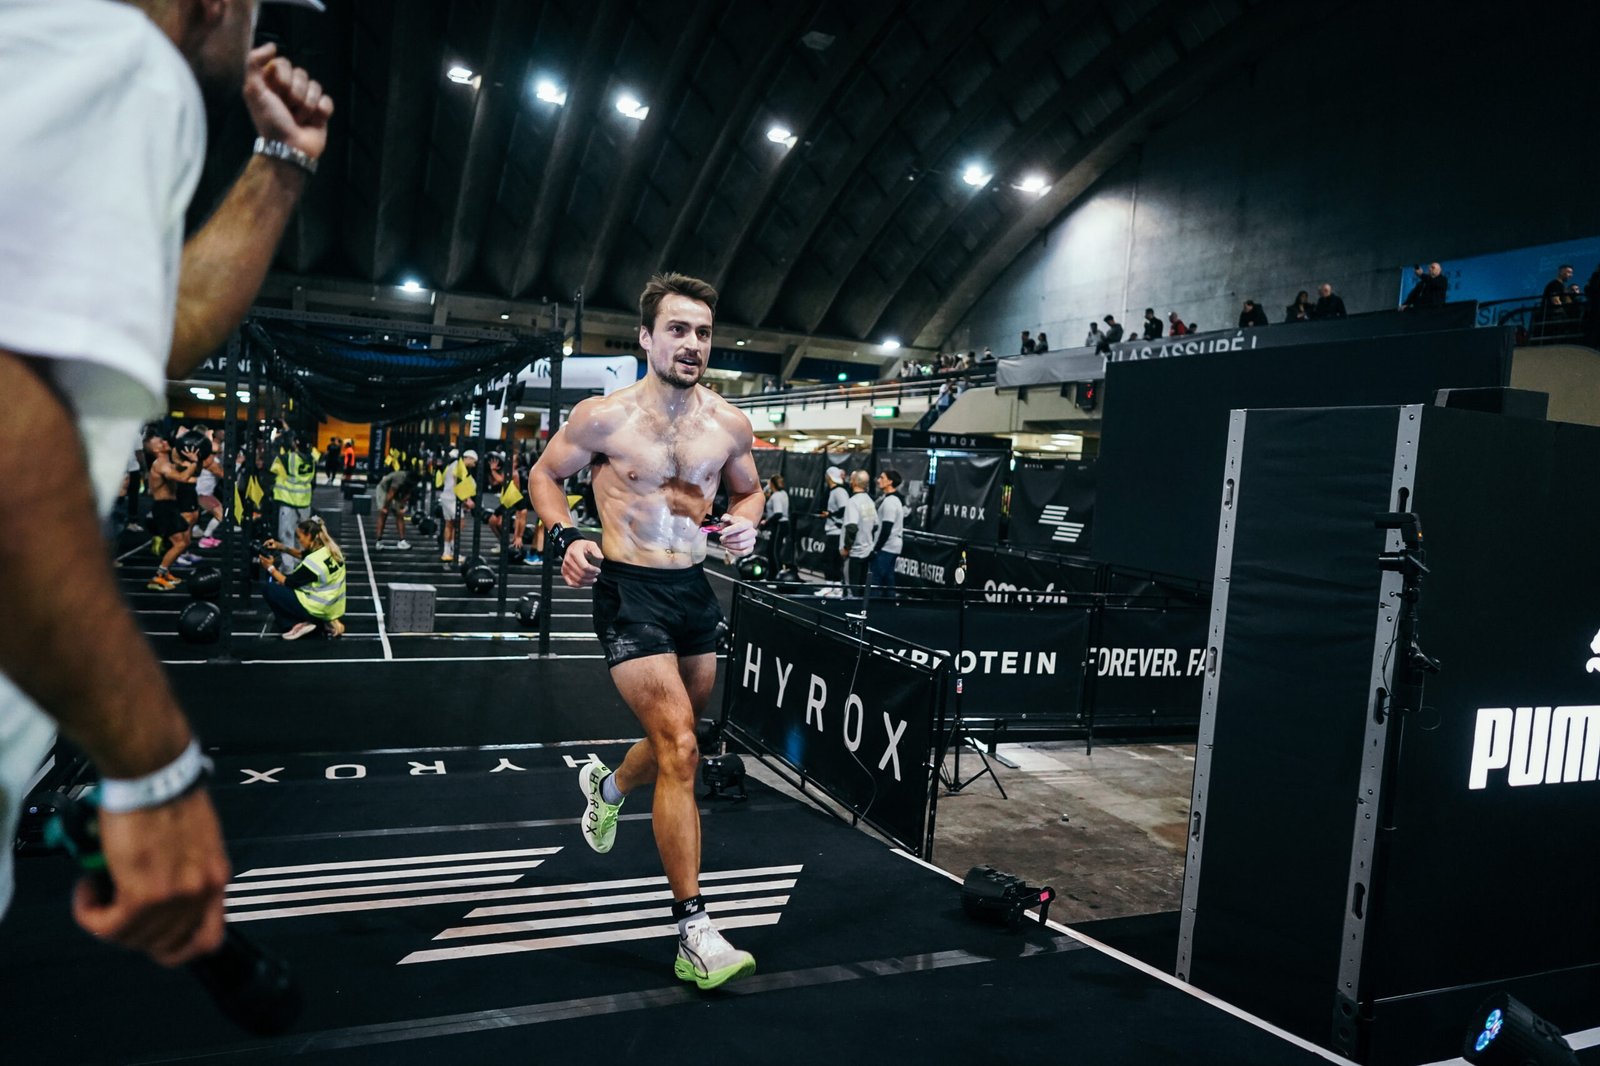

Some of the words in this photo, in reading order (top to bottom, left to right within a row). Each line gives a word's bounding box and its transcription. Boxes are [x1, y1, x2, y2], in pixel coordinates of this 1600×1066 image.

[929, 434, 977, 447] HYROX
[943, 503, 985, 521] HYROX
[894, 556, 921, 578] OREVER.
[742, 641, 908, 782] HYROX
[1468, 704, 1600, 790] PUM
[239, 752, 600, 785] HYROX
[585, 772, 600, 836] HYROX

■ The problem: An exact repeat of the listing above, pictures excluded, is the answer.

■ Response to this task:
Some of the words in this photo, in reading order (top to bottom, left to right within a row). Each line gives a word's bounding box and its transcription. Boxes are [x1, y1, x2, y2], in pixel coordinates of this 1600×1066 image.

[929, 434, 977, 447] HYROX
[943, 503, 985, 521] HYROX
[894, 556, 921, 578] OREVER.
[742, 641, 908, 782] HYROX
[1468, 704, 1600, 790] PUM
[239, 752, 600, 785] HYROX
[585, 772, 600, 836] HYROX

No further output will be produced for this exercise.